Principals and parent representatives from each of the system’s seven schools expressed their views on the school system’s leaky roof problems and how the system might best use about $400,000 of funds leftover from construction of the new Gainesville Middle School.
Four out of eight of the Gainesville system’s facilities need total roof replacements. Enota Multiple Intelligences Academy, Centennial Arts Academy, Fair Street IB World School and Wood’s Mill Academy, the old middle school that houses various programs, need new roofs. The old gym at Gainesville High School also needs to be replaced.
Keith Vincent, manager of maintenance and operations for Gainesville schools, estimates the new roofs will cost about $3.1 million.
Gainesville schools Superintendent Merrianne Dyer led the discussion Tuesday.
Dyer estimates the school system has about $350,000 to $450,000 leftover from SPLOST funds, or special 1-cent sales taxes, not used to build the new Gainesville Middle School. She said the system is settling its final costs with the architecture firm and will soon have a more definitive figure.
The $33 million school came in under budget, and the remaining funds can be applied to plugging the leaky roofs until voters have the option to approve the next SPLOST in 2011, Dyer said. If voters approve the funds, they would be available to the school system in 2012.
“My recommendation is to use this money wisely on our roofs because if we don’t, everything below it, we can just forget about,” Vincent said of the leftover middle school SPLOST funds. “We can take this money and do the worst sections on each roof until the (next) SPLOST money comes in.”
Vincent told the council that many of the leaks are in clusters, and he recommends a complete roof replacement on targeted sections of the leaky roofs. The highest priority is at Fair Street IB World School, he said. Patching the worst school roofs at Fair Street and Enota is no longer an option, he added.

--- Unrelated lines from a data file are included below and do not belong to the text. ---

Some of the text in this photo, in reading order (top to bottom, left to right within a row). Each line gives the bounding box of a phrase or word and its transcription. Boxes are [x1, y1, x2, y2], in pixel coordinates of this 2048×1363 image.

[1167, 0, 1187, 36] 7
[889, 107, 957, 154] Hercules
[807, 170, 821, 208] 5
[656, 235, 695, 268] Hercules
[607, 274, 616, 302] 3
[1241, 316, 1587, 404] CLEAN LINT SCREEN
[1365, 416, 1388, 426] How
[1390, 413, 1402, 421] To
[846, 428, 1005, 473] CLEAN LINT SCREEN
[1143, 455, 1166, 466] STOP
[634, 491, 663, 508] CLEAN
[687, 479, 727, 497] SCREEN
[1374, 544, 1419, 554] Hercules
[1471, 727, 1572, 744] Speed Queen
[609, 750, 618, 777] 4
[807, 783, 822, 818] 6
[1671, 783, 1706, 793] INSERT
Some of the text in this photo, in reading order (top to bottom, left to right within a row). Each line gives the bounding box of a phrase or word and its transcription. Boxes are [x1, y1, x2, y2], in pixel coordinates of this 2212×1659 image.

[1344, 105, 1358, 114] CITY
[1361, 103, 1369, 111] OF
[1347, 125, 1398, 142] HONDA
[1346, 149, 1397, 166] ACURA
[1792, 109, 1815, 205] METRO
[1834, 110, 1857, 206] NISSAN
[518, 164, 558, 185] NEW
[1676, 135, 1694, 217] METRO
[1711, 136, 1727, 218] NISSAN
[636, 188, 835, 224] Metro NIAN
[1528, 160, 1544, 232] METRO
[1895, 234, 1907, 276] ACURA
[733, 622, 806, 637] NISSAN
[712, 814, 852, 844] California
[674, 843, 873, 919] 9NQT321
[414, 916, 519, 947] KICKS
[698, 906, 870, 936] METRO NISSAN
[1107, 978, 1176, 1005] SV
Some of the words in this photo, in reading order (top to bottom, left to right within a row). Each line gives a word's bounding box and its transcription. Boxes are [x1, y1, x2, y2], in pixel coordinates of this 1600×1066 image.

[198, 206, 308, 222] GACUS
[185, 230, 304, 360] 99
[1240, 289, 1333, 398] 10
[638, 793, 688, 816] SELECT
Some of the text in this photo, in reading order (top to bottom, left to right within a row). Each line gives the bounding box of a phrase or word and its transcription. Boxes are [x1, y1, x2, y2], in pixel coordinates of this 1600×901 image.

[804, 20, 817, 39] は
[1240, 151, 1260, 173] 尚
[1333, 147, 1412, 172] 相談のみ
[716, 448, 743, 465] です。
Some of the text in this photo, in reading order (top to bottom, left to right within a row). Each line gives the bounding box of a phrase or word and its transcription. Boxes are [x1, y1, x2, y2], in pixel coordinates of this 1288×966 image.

“If you spend $30,000 of taxpayers’ money to patch a roof and then in two years take it off, you haven’t done anything,” Vincent said.
He said it would cost about $150,000 to completely replace parts of the roof at Fair Street. He said it would cost about $35,000 to redo the seams on the roof at Enota, $35,000 to redo the seams on the roof at Wood’s Mill Academy and $130,000 to replace the roof at the old high school gym that is needed to accommodate physical education classes.
Vincent said he believes the recent repairs to Centennial will hold the school’s roof until 2012.
Jeannine Callahan, mother of students at Centennial, Gainesville Middle and Gainesville High, said the plan to replace roof sections and repair seams may be the temporary solution.
“It sounds like that’s our best option. It sounds like our only option at this point until we can get more funds,” she said.